### Problem description
Repeat the listing that follows character for character, omitting images.

### Records for the task
******************************

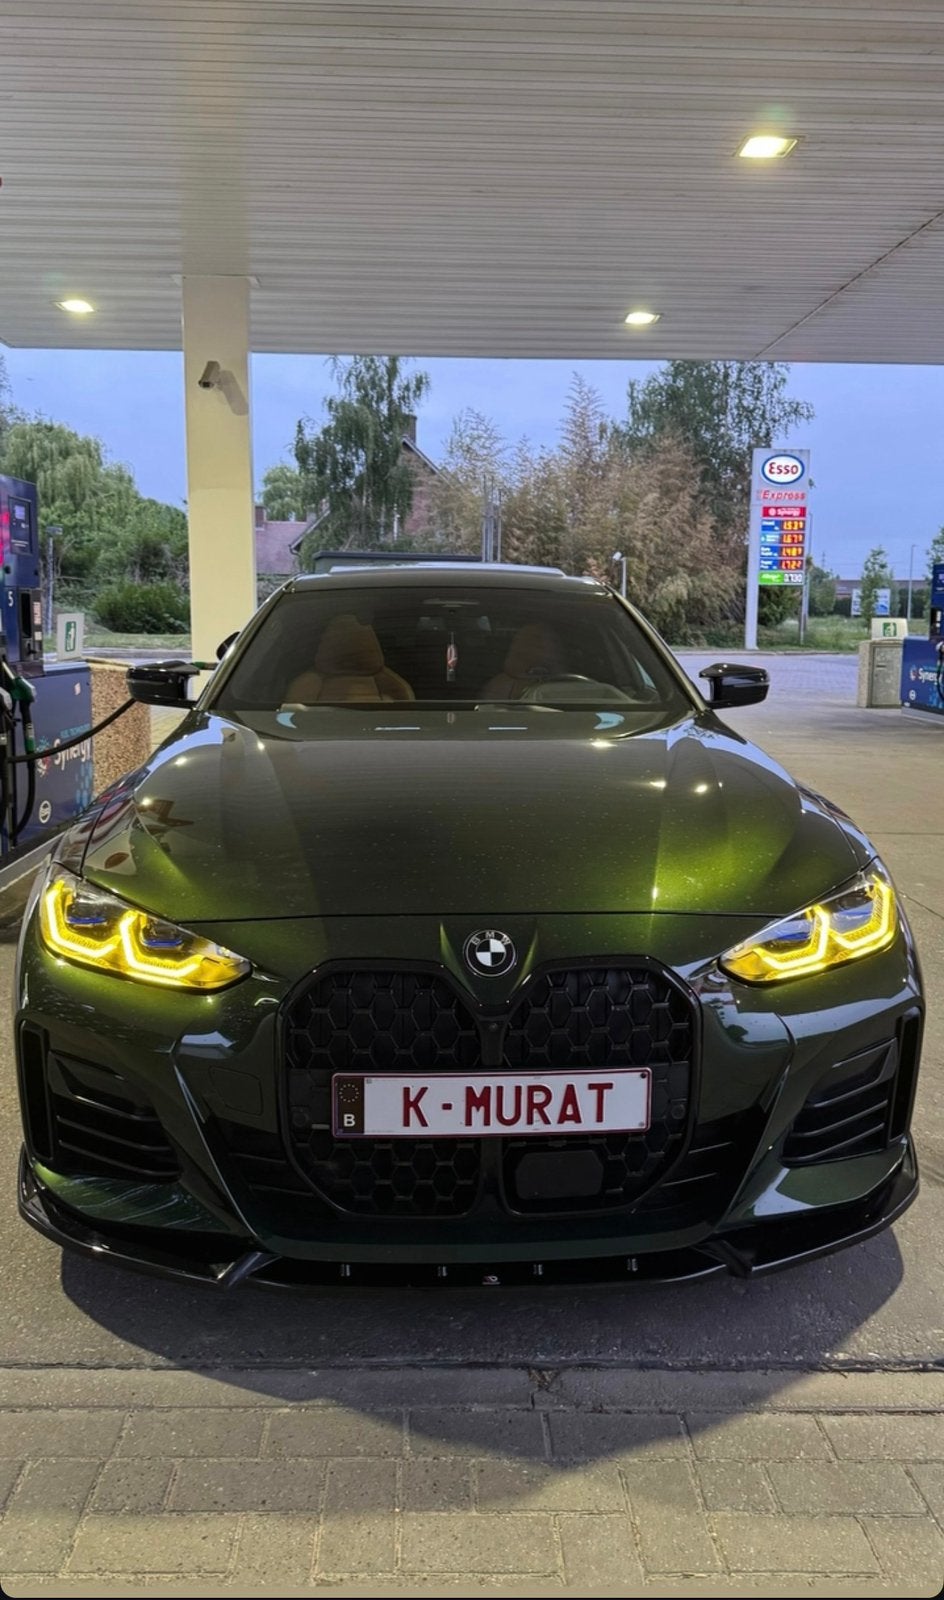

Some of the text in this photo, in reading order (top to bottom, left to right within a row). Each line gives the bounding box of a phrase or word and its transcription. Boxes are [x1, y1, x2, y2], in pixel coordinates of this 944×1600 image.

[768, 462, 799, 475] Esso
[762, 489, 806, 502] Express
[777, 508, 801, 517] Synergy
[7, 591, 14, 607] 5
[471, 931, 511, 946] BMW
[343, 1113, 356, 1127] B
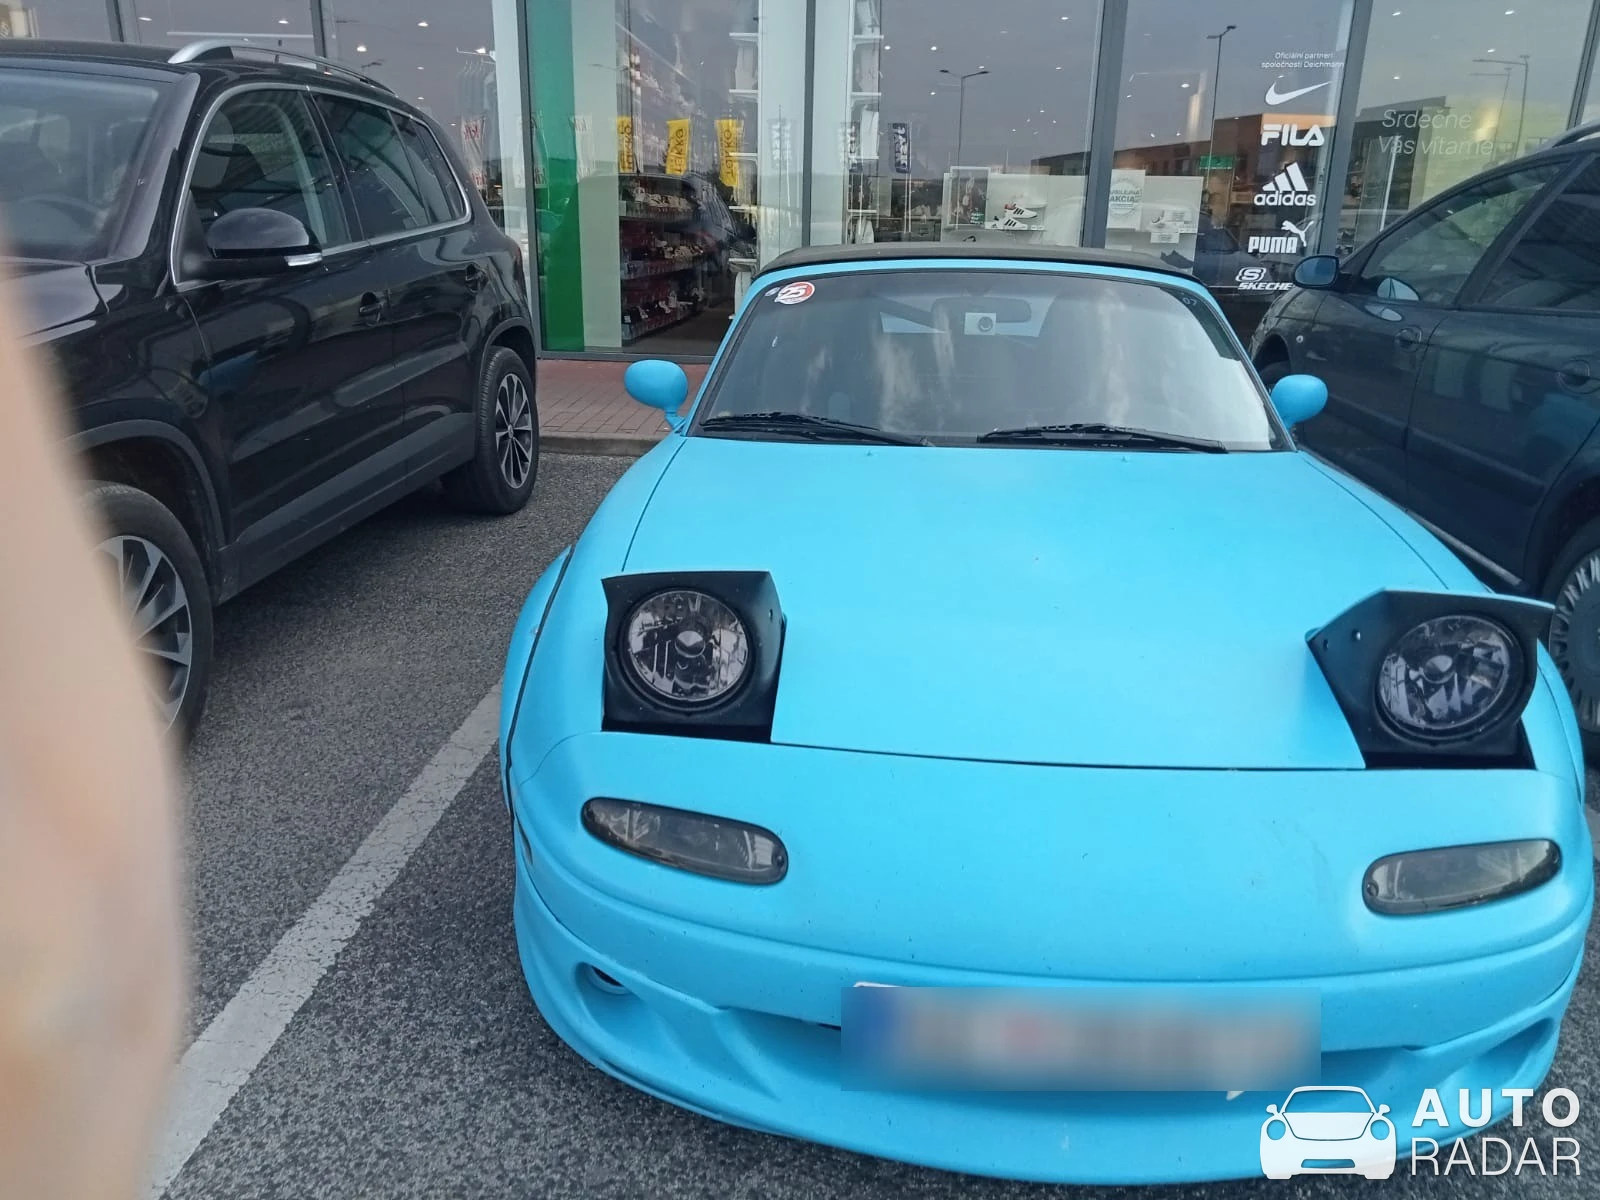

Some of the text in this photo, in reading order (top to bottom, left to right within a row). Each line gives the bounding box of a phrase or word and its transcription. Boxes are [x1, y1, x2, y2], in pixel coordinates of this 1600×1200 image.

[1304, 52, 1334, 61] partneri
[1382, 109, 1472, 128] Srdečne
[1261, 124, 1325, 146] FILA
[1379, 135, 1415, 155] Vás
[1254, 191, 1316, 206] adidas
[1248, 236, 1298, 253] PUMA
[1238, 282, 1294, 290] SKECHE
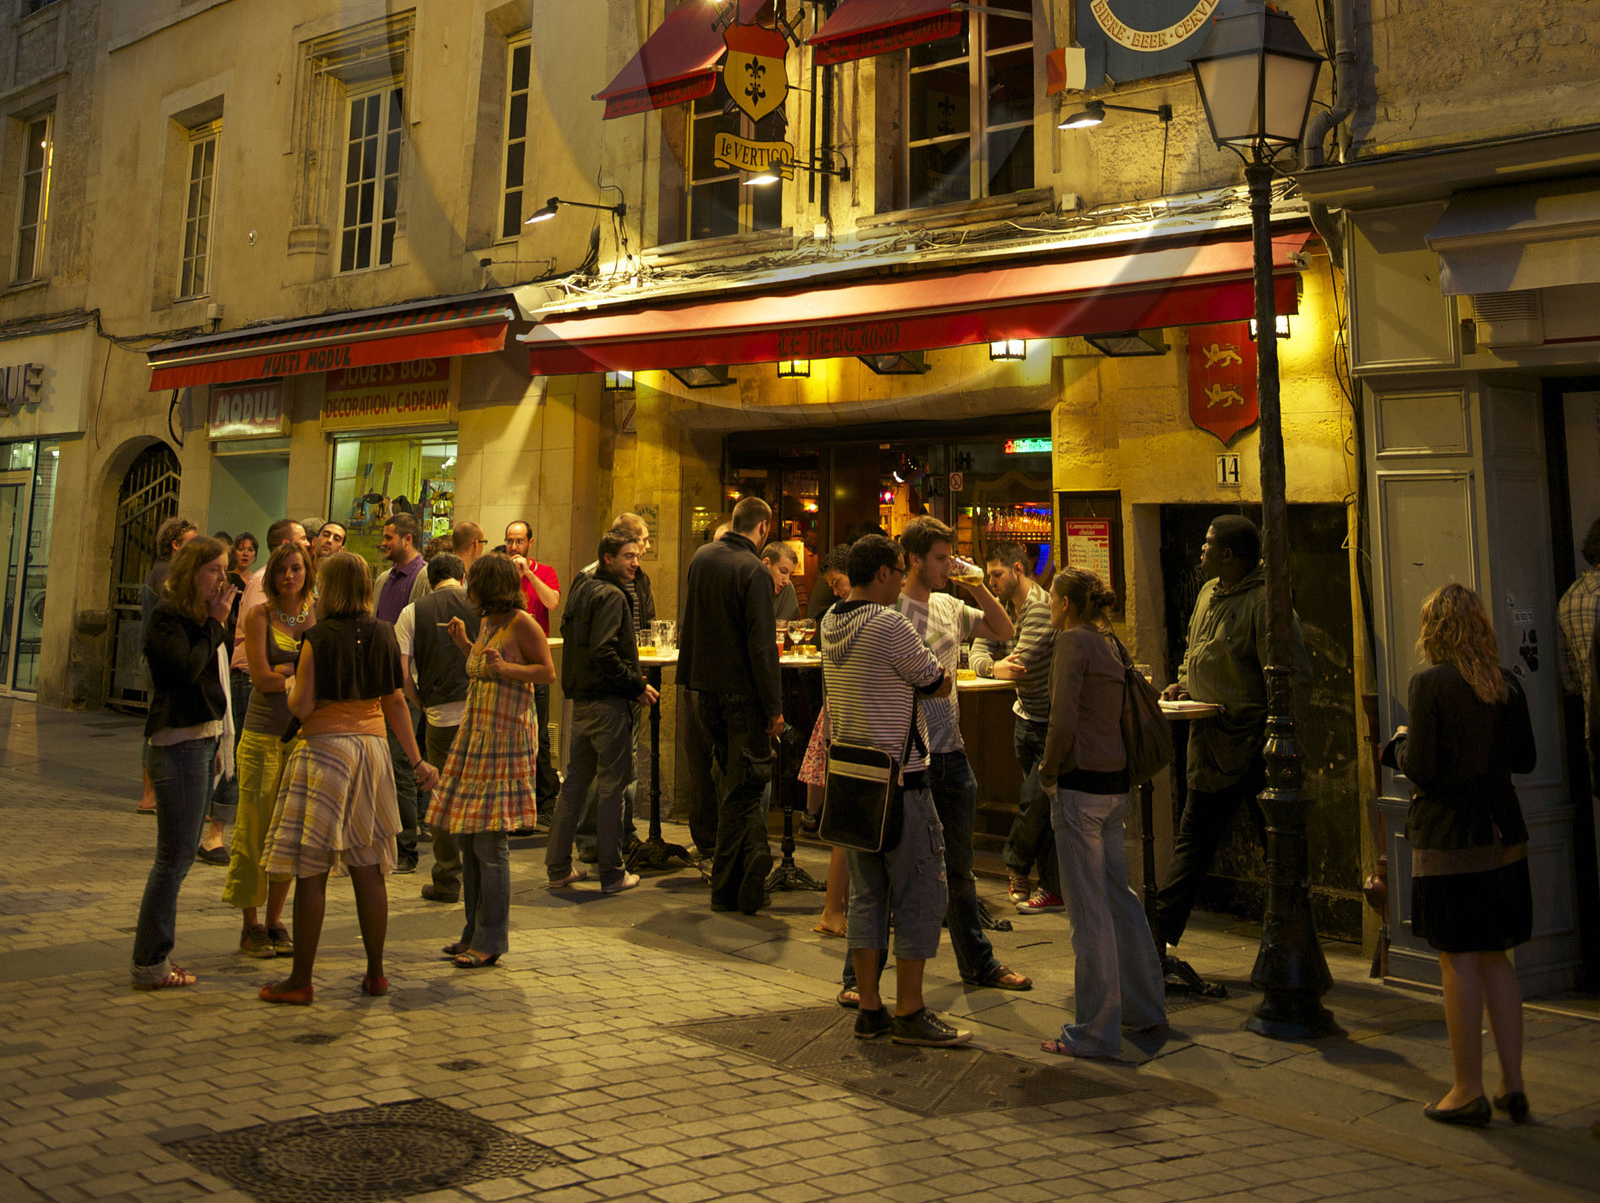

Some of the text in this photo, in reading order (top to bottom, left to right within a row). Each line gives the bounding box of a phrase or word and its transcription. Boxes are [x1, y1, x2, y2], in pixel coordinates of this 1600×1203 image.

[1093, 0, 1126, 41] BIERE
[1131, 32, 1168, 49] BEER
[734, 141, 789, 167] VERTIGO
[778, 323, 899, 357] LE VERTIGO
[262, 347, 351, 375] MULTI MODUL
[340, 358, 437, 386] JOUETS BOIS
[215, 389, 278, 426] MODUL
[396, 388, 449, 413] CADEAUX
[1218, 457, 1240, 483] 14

******************************

### Result below
Some of the text in this photo, in reading order (top to bottom, left to right within a row). Each line gives the bounding box of a phrase or word and its transcription. Boxes are [x1, y1, x2, y2], in pixel coordinates of this 944×1600 image.

[768, 462, 799, 475] Esso
[762, 489, 806, 502] Express
[777, 508, 801, 517] Synergy
[7, 591, 14, 607] 5
[471, 931, 511, 946] BMW
[343, 1113, 356, 1127] B

Some of the text in this photo, in reading order (top to bottom, left to right within a row). Each line gives the bounding box of a phrase or word and its transcription. Boxes are [x1, y1, x2, y2], in pixel coordinates of this 1600×1200 image.

[1304, 52, 1334, 61] partneri
[1382, 109, 1472, 128] Srdečne
[1261, 124, 1325, 146] FILA
[1379, 135, 1415, 155] Vás
[1254, 191, 1316, 206] adidas
[1248, 236, 1298, 253] PUMA
[1238, 282, 1294, 290] SKECHE

Some of the text in this photo, in reading order (top to bottom, left to right within a row). Each line gives the bounding box of a phrase or word and its transcription. Boxes are [x1, y1, x2, y2], in pixel coordinates of this 1600×1203 image.

[1093, 0, 1126, 41] BIERE
[1131, 32, 1168, 49] BEER
[734, 141, 789, 167] VERTIGO
[778, 323, 899, 357] LE VERTIGO
[262, 347, 351, 375] MULTI MODUL
[340, 358, 437, 386] JOUETS BOIS
[215, 389, 278, 426] MODUL
[396, 388, 449, 413] CADEAUX
[1218, 457, 1240, 483] 14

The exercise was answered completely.